As CBDCs — se bem projetadas — poderiam reduzir os custos das remessas e aumentar a inclusão financeira. Mas para que os criptoativos continuem a ser uma opção segura no sistema de pagamentos, precisam ser regulamentados.
Rina Bhattacharya, Dmitry Vasilyev e Mauricio Villafuerte
A América Latina e o Caribe (ALC) aparecem na vanguarda da adoção do dinheiro digital e estão oferecendo lições valiosas para o resto do mundo. Enquanto El Salvador ganhou as manchetes ao transformar o bitcoin em moeda de curso legal, outros países da ALC avançaram de forma considerável na adoção de moedas digitais dos bancos centrais (CBDCs, do inglês Central Bank Digital Currencies) para aumentar a inclusão financeira e a resiliência dos sistemas de pagamentos ou para reduzir os custos das remessas internacionais, como mostra o nosso mais recente estudo.
As Bahamas foram pioneiras ao adotar uma CBDC na forma do Sand Dollar em 2020, e a União Monetária do Caribe Oriental (UMCO) e a Jamaica seguiram pelo mesmo caminho. O projeto da CBDC do Brasil também está na fase avançada da prova de conceito, buscando aprimorar a “tokenização de ativos” ao transformar ativos, como imóveis, ações e commodities, em representações digitais para facilitar sua transferência e aumentar sua liquidez.
Cumpre notar que quatro países latino-americanos (Brasil, Argentina, Colômbia e Equador) figuraram entre os 20 que mais adotaram criptoativos no mundo em 2022. Eles buscam os benefícios que os ativos digitais prometem oferecer, como proteger contra condições macroeconômicas nacionais incertas, escapar a controles de capital, aumentar a inclusão financeira de populações não bancarizadas, agilizar e baratear os pagamentos, e fortalecer a concorrência.
Contudo, a adoção de criptoativos também apresenta numerosos desafios e riscos, sobretudo para os países vulneráveis da ALC com histórico de instabilidade macroeconômica, baixa credibilidade institucional, fluxos substanciais de capital, corrupção e grande informalidade.
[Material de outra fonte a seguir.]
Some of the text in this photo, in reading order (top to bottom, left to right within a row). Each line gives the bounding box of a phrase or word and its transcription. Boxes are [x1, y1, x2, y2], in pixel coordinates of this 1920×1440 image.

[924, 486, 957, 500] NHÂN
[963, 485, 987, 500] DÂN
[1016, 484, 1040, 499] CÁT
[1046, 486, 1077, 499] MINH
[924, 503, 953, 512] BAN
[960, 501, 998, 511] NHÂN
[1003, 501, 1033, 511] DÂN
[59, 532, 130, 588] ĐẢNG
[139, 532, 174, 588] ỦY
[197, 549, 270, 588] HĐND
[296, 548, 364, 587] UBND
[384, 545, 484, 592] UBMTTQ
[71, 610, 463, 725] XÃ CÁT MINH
Em doze das dezenove jurisdições da região pesquisadas para nosso artigo em meados de 2022, uma estrutura regulatória especial já vigorava ou estava em vias de ser criada.
Adoção de criptoativos
A regulamentação dos criptoativos varia entre os países da ALC. Embora El Salvador tenha transformado o bitcoin em moeda de curso legal ao declará-lo por lei um instrumento de pagamento válido para liquidar transações e obrigações financeiras, outros países, como a Argentina e a República Dominicana, proibiram o uso de criptoativos devido à preocupação com questões como o impacto na estabilidade financeira, a substituição de moedas e ativos, a evasão fiscal, a corrupção e a lavagem de dinheiro.
A experiência de El Salvador com o bitcoin sugere que há riscos ao adotar criptoativos sem lastro, ou seja, os que dependem da oferta e demanda, e não de outro ativo, para ter valor e que estão sujeitos a uma volatilidade de preço significativa, mesmo quando garantidos explicitamente pelo governo. Uma pesquisa nacional de 2022 aponta que o bitcoin ainda não é um meio de troca amplamente aceito em El Salvador, apesar de ser uma moeda de curso legal e receber incentivos substanciais do governo.
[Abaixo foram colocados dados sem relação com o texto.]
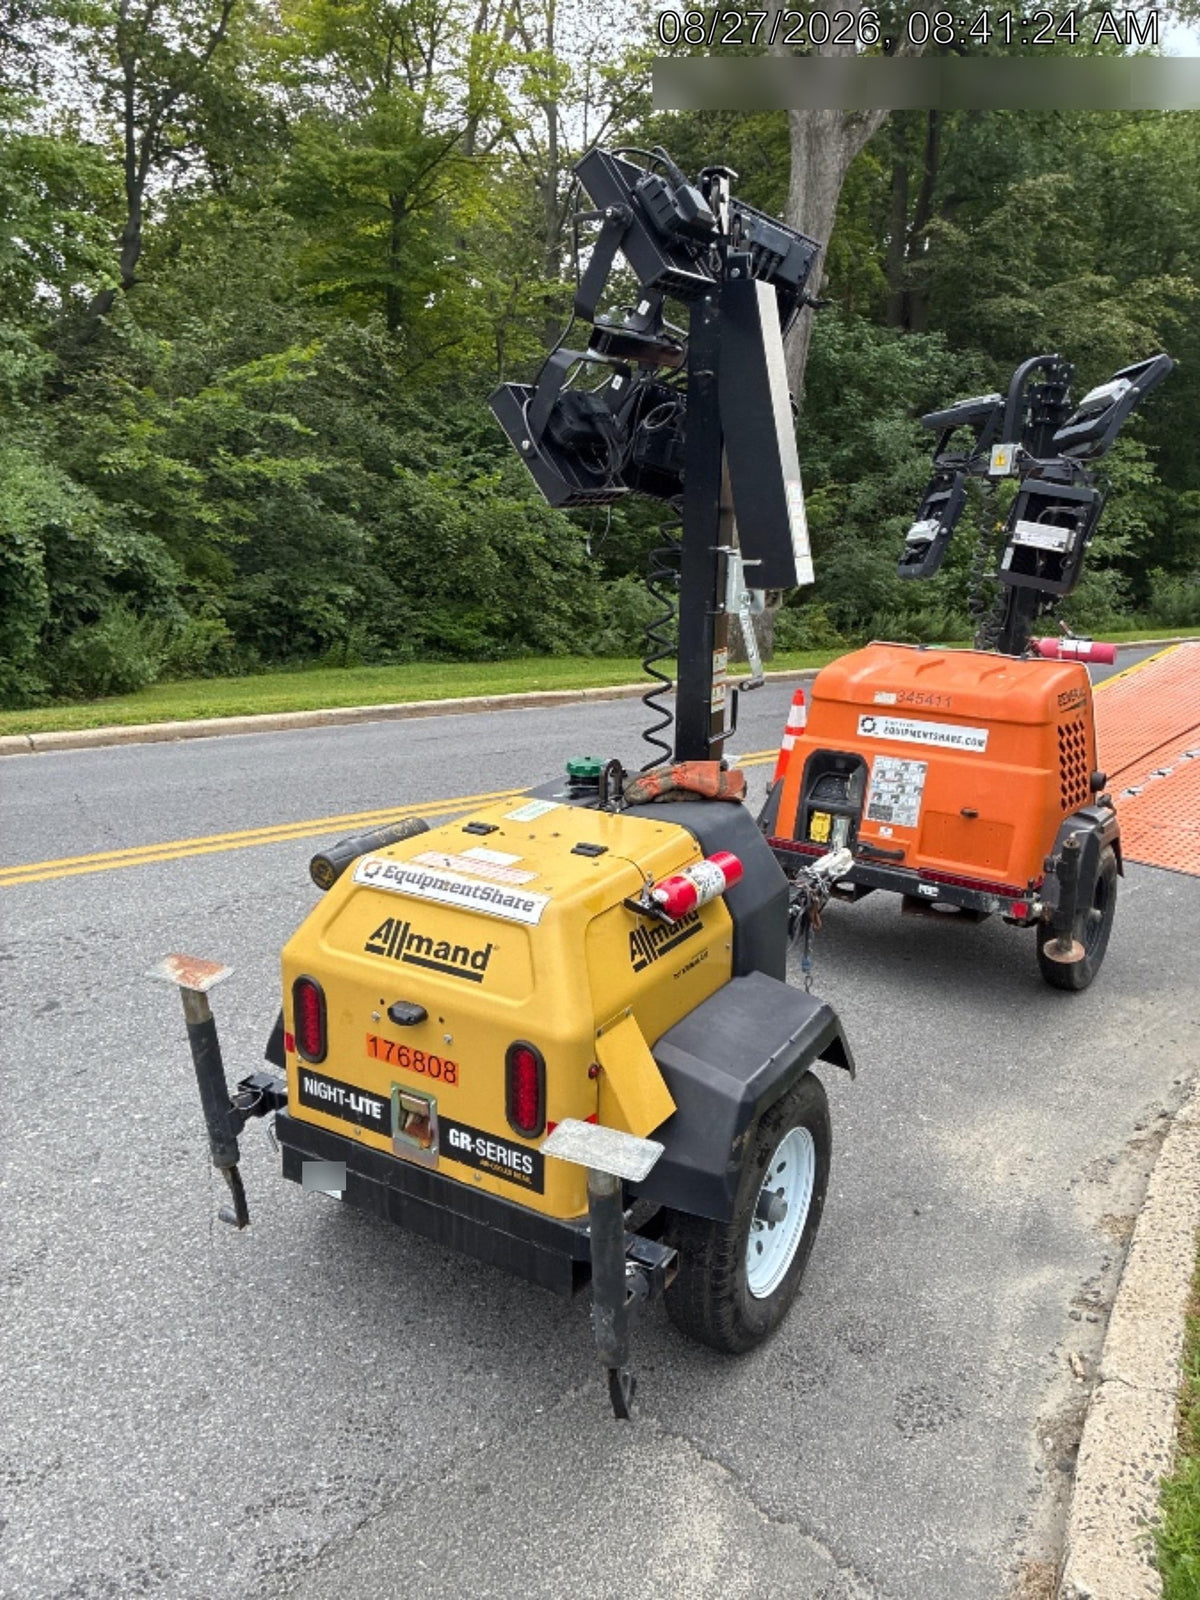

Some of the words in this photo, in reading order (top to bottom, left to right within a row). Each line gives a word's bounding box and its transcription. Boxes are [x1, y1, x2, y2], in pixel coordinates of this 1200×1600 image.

[382, 865, 535, 913] EquipmentShare
[367, 917, 493, 972] Allmand
[368, 1035, 457, 1085] 176808
[303, 1076, 384, 1120] NIGHT-LITE
[449, 1128, 533, 1175] GR-SERIES
A adoção efetiva das stablecoins — criptoativos que visam a ter um preço estável atrelado a um ativo específico — também pode gerar dificuldades, conforme demonstrado pelo projeto‑piloto da Meta. Essa empresa teria permitido que os usuários nos EUA e na Guatemala fizessem pagamentos nacionais e internacionais sem taxas por meio da sua carteira digital, chamada Novi. Embora pudesse levar a uma redução dos custos dos pagamentos internacionais, o projeto também apresentava o risco de substituição da moeda nacional na Guatemala. Ele acabou sendo encerrado em 2022, em meio à pressão regulatória no Ocidente contra a incursão da Meta no campo das criptomoedas.
A promessa das CBDCs
A maioria dos bancos centrais da ALC está analisando a possibilidade de adotar CBDCs, e algumas nações insulares já lançaram CBDCs próprias. De acordo com nossa pesquisa com funcionários de governos da região, metade dos entrevistados estava considerando opções de CBDCs de varejo (ou seja, concebidas para o público em geral) e de atacado (isto é, destinadas ao uso por instituições financeiras).
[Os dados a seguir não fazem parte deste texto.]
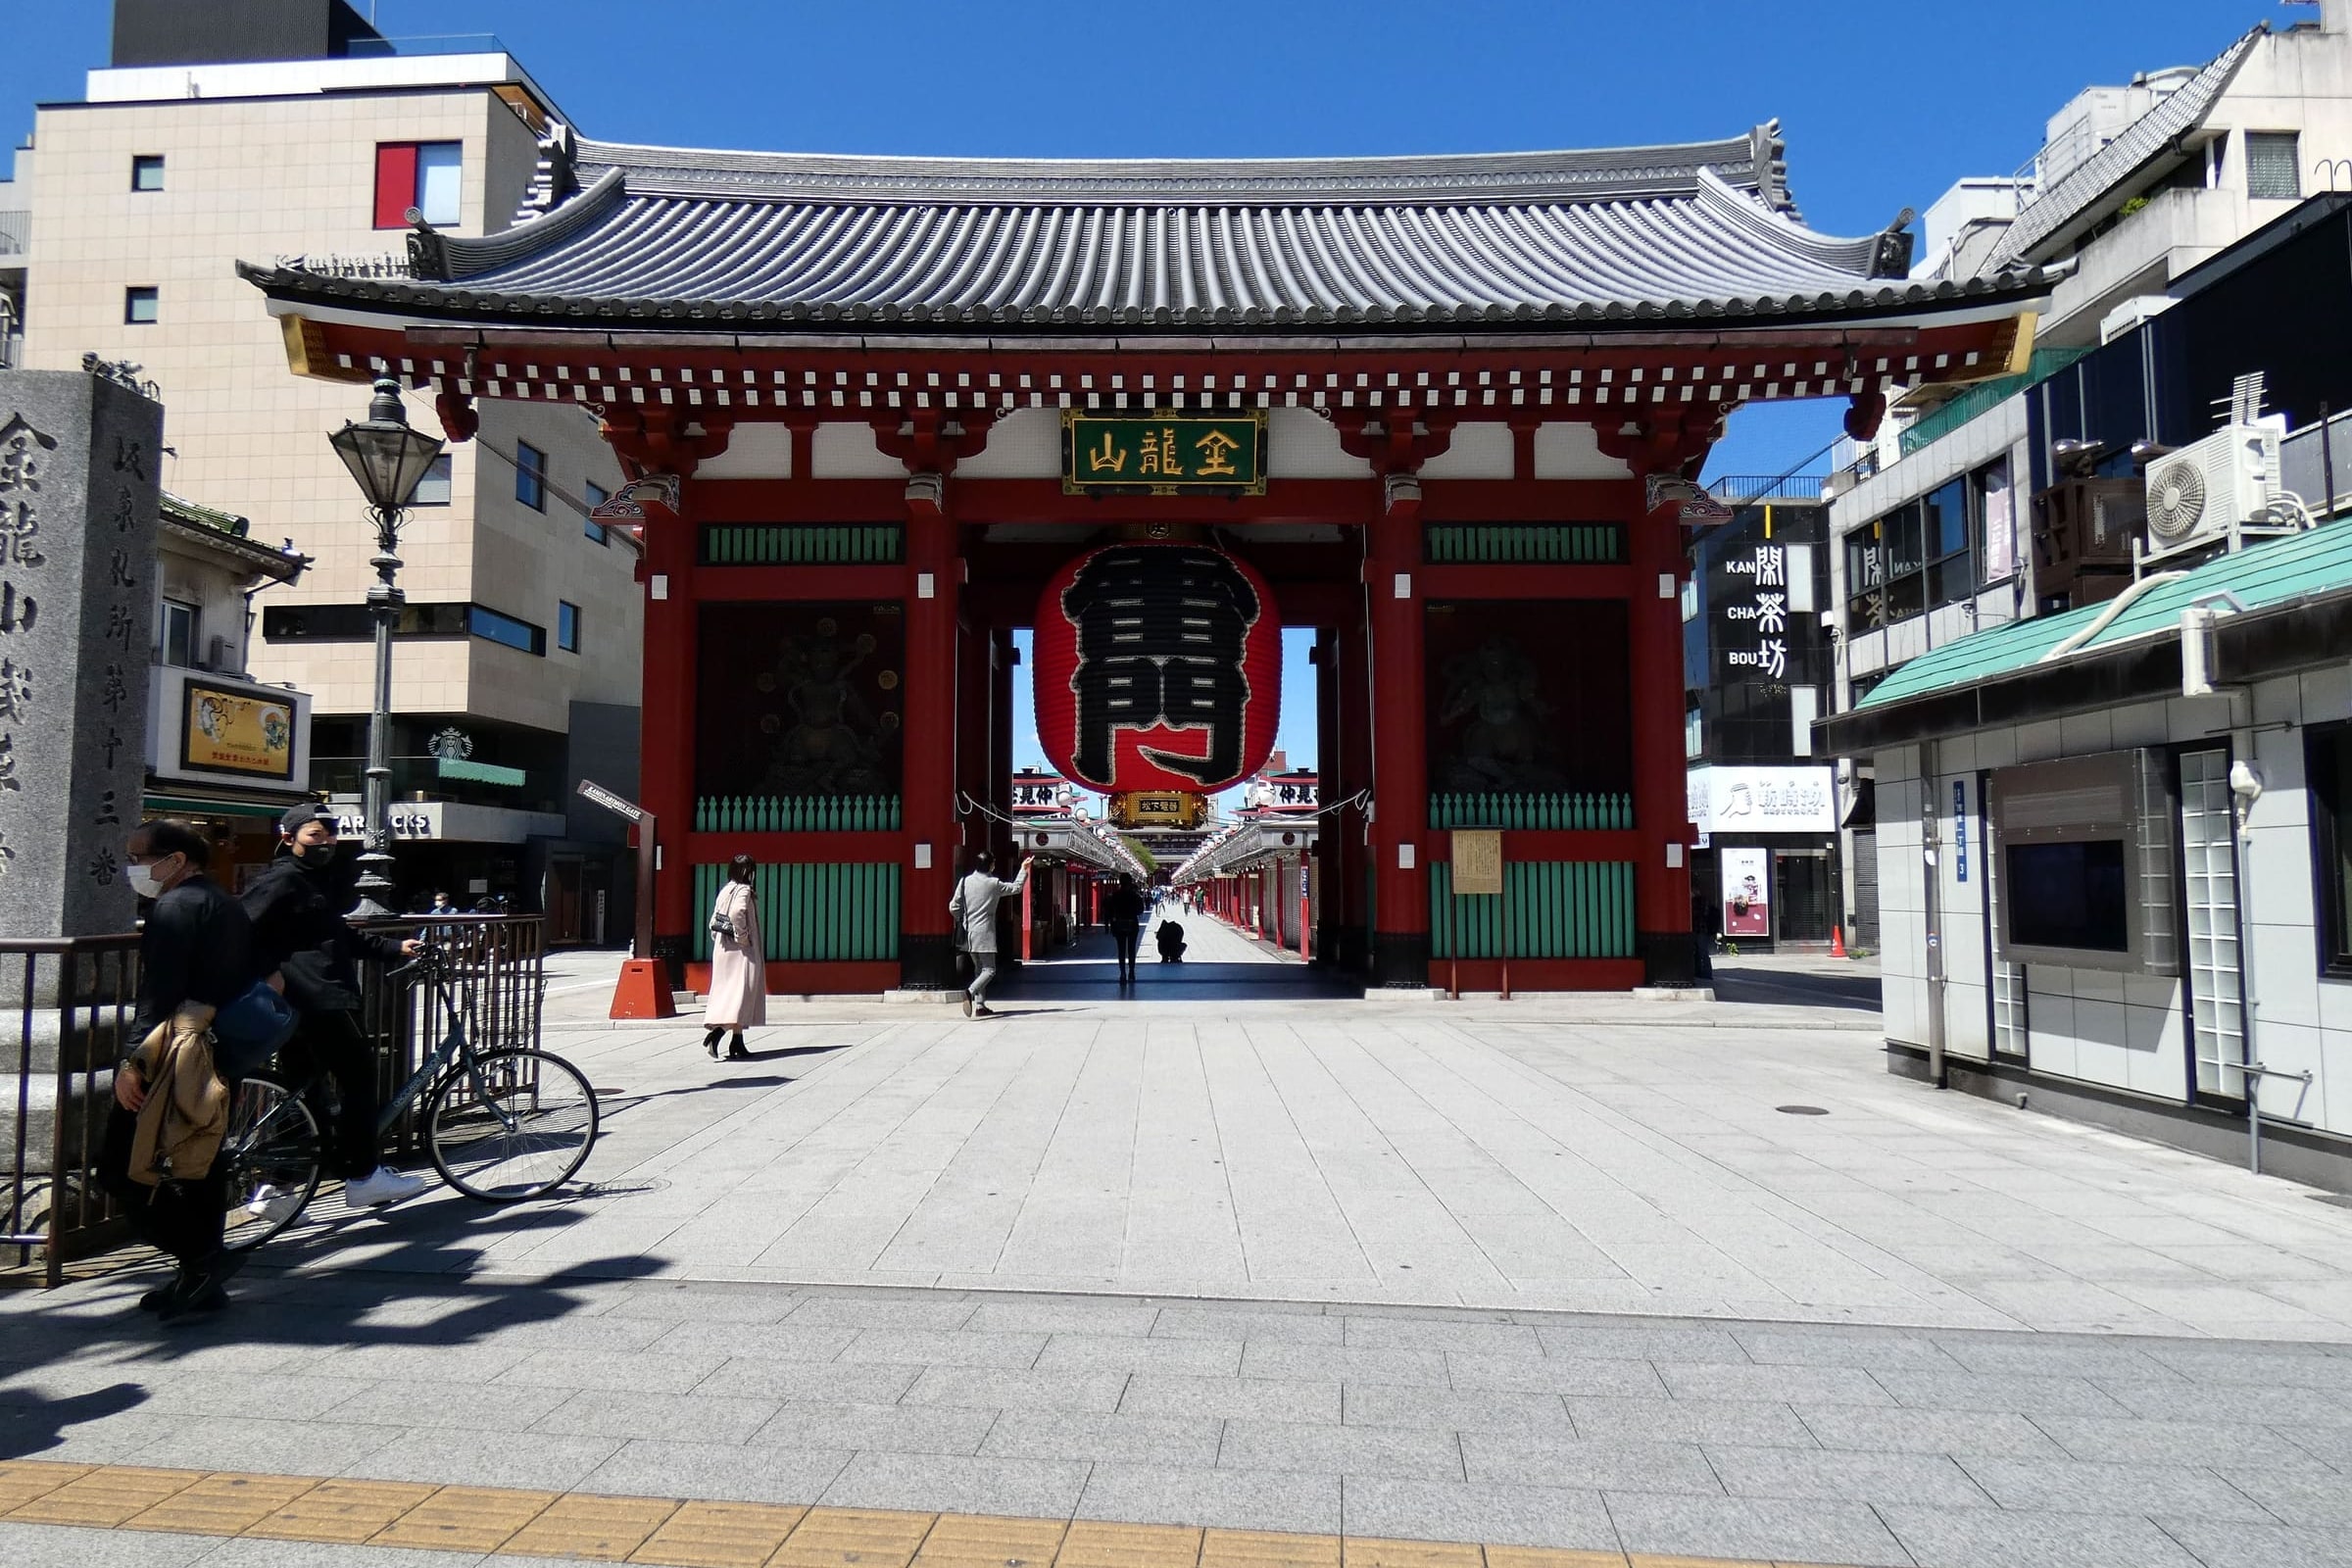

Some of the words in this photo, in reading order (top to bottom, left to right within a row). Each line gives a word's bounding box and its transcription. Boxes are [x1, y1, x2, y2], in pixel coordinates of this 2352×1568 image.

[1090, 427, 1240, 475] 金龍山
[1726, 561, 1756, 574] KAN
[1727, 607, 1757, 619] CHA
[1729, 652, 1758, 665] BOU
[1060, 545, 1261, 786] 雷門
[1959, 863, 1965, 874] 3
A maioria dos participantes da pesquisa viu essas moedas digitais como um meio de melhorar seus sistemas de pagamentos e ampliar o seu acesso. Consideraram a inclusão financeira e a soberania monetária fatores cruciais a favor da emissão de CBDCs de varejo por facilitarem a integração dos não bancarizados e restringirem a substituição de moedas por stablecoins ou criptoativos.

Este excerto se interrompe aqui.